第42話 R-05地区市街地防衛戦

 ……噛み砕くのにかなり時間がかかったが、やはり状況はかなり不味いらしい。

 まさか市街区まで<N-ELHH>が流入しかけているとは……想像以上にギリギリの戦いを行っているようだ。


 ここ数ヶ月の戦いの流れを追い、芳しからぬ記述に眉をひそめた瞬間、俄にして司令室が騒がしくなった。

 赤色灯が回り、サイレンが音を立てる。


 咄嗟にコンソールを操作したオペレーターが悲鳴のように現況を伝えた。

 

「レーダーに感あり!市街区防衛ライン近辺に<N-ELHH>反応!いえこれは……

 

 


 防衛ラインを突破!市街地に<N-ELHH>が侵入しています!」


 一段高い所に腰を下ろすミロンが苦々しい顔をして問いただす。


 「守備隊はどうなってる!」


 「敵の侵攻を食い止める事ができず、潰走しています、撤退すら厳しい状況です!」


 「状況は火急的という他ないな……総員第一種戦闘配備!準備完了次第即座に出撃、何としても市民を守れ!」


 「旅団メンバーも状況は聞いていたな!我々も出るぞ!オペレーター各員はこの場にいない兵士への出撃命令、急げ!」


 「「「了解!」」」


    ◆ 


 走りながら<Ex-MUEB>を着装。着装完了と同時に展開していた装甲がオートで閉じる。ヘッドバイザーを降ろして戦闘準備完了。

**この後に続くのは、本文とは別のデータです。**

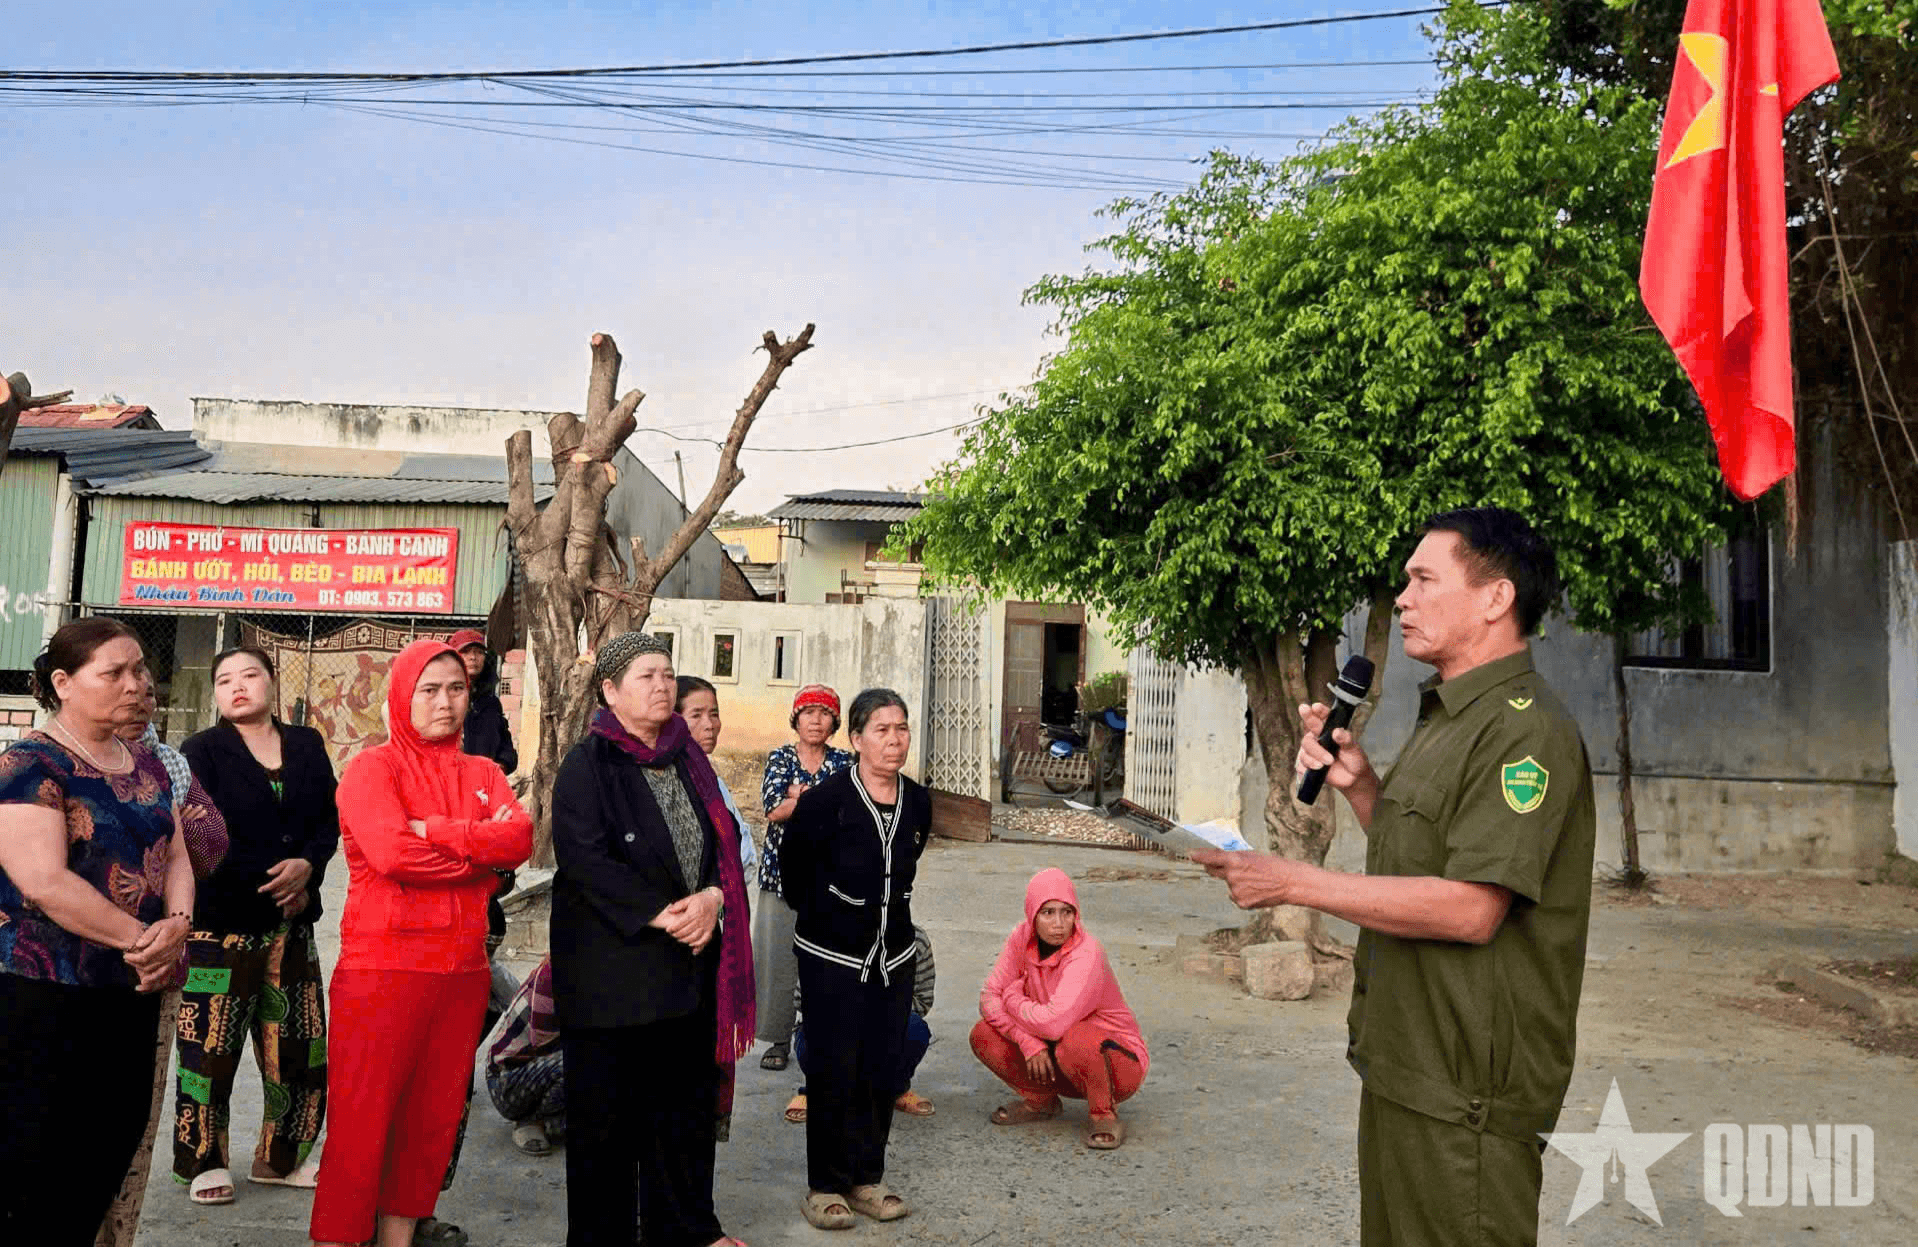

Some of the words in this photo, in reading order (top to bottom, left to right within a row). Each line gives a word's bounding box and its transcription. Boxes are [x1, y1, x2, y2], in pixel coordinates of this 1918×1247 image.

[133, 526, 170, 551] BÚN
[346, 531, 394, 556] BÁNH
[399, 535, 449, 557] CANH
[131, 557, 188, 579] BÁNH
[351, 565, 387, 585] BIA
[392, 566, 448, 588] LẠNH
[386, 591, 414, 608] 573

 道中雨衣ちゃんと合流し、ゲートの外の連絡通路を駆け抜け、市街区へ足を踏み入れた。


 周囲を見渡す。


 「こいつァ……」


 一言で言うのであれば、渾戦であった。

 兵士、<N-ELHH>、民間人。三要素が渾然一体と戦場で混じり合い、全く戦場の統制が取れていない。

 

 「畜生!放せってんだよこの怪物!」


 「息子だけは、息子だけは勘弁して……」



 悲鳴と怒号が響き渡り、どこかでまた断末魔が挙がる。

 レンガ造りの町並みが血色に染まりゆく。

 燃料施設が襲われたのだろうか、盛大な火の手が街を覆い、戦力を分断していた。


 もう滅茶苦茶だ、戦術もクソもあったもんじゃない。

 今はとにかく一体でも多く殺して状況を打開するしか無い……!


 そう考えて、光子銃を跳ね上げて狙いを定めた瞬間、気付いた。

 

 撃てない。


 撃てないのだ。

 

 下手に撃てば民間人を巻き込みかねない。


 俺が持っている光子銃は射撃時に大気中の屈折率の関係などで一部が細かな粒子になって拡散してしまう。

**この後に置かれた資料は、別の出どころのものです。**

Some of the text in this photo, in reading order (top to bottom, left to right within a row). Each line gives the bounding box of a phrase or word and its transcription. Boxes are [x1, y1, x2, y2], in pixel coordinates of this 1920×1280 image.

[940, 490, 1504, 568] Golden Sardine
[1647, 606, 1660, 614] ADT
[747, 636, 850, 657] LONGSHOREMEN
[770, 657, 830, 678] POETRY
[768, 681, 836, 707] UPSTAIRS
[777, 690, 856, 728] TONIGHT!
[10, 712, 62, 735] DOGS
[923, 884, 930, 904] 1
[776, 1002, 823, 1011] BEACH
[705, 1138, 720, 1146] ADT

 そして、その粒子一つ一つですら莫大な熱量を持つ。<N-ELHH>に通用せずとも生身の人間を溶断、貫通するには十分だ。

 救うべき民間人を穴開きチーズにしてしまっては本末転倒である。


 実弾タイプの銃だったとしても、極超圧縮金属弾頭の射撃はソニックウェーブを発生させる。

 これもまた人間には致死的な威力を持つ。直撃すれば骨を砕き、臓物をかき混ぜ、空高く弾き飛ばすだろう。

 

 要するに……<N-ELHH>に通用する銃火器は使えないのだ。

 必然的に距離を詰めての格闘戦しかない。 


 <Ex-MUEB>着装者であっても近接戦はリスクが高い。

 跳ね上がる被弾率、体に襲いかかる反動。


 そうして徐々に数を減らし、抑え切れなくなった結果がこの混迷を極める戦場という訳だ。

 市街区にまで<N-ELHH>を踏み込ませた以上、この酸鼻は避けられないものだったのだ。

 その事実に気付いて鼻にシワを寄せる。本当にろくでもない!


 

 「雨衣ちゃん、ドローンはしまえ!近接武器だけでやるしかない!行くぞ!」


 「了解です!」


 頼もしい返答を受け取ると同時に左右に散開。

 

 <Ex-MUEB>、メインシステム・戦闘モード起動。戦闘種別<中距離射撃戦>


 負担がでかすぎる<近距離格闘戦>は温存だ。<中距離射撃戦>でも化け物と格闘するに足るだけの力はある。

 

 

 左腰のハードポイントから非実体剣を抜刀し、間髪入れず起動。

 仄赤い燐光が周囲を照らした。


 足裏のバーニアの稼働率を引き上げ地表を滑るようにマニューバー。民間人に喰らいつかんとした怪物の胴を横一文字に一閃、薙ぎ払う。

 

 「さっさと奥へ逃げろ!」


 助け出した民間人に言葉を投げる。そこからどうするかは本人の選択だ。かまっている暇はない。

 


 分断された死骸を尻目に、敵ひしめく混迷の領域に突撃する。


 突っ込んできた敵の一撃を回転して躱し、勢いを利用して刃を敵に食い込ませて断ち切る。

 振り下ろされる腕を刈り飛ばし蹴りを叩き込んで視界から排除。

 

 

 顔を上げるた瞬間、岩か何かがこちらに飛んできた。ほとんど脊髄反射で切り伏せた。

 そのあとも次々とガレキが投げつけられる。胴体を穿たれた<UN-E>の死骸もその中に混じっていた。人間は小石じゃねえんだぞ!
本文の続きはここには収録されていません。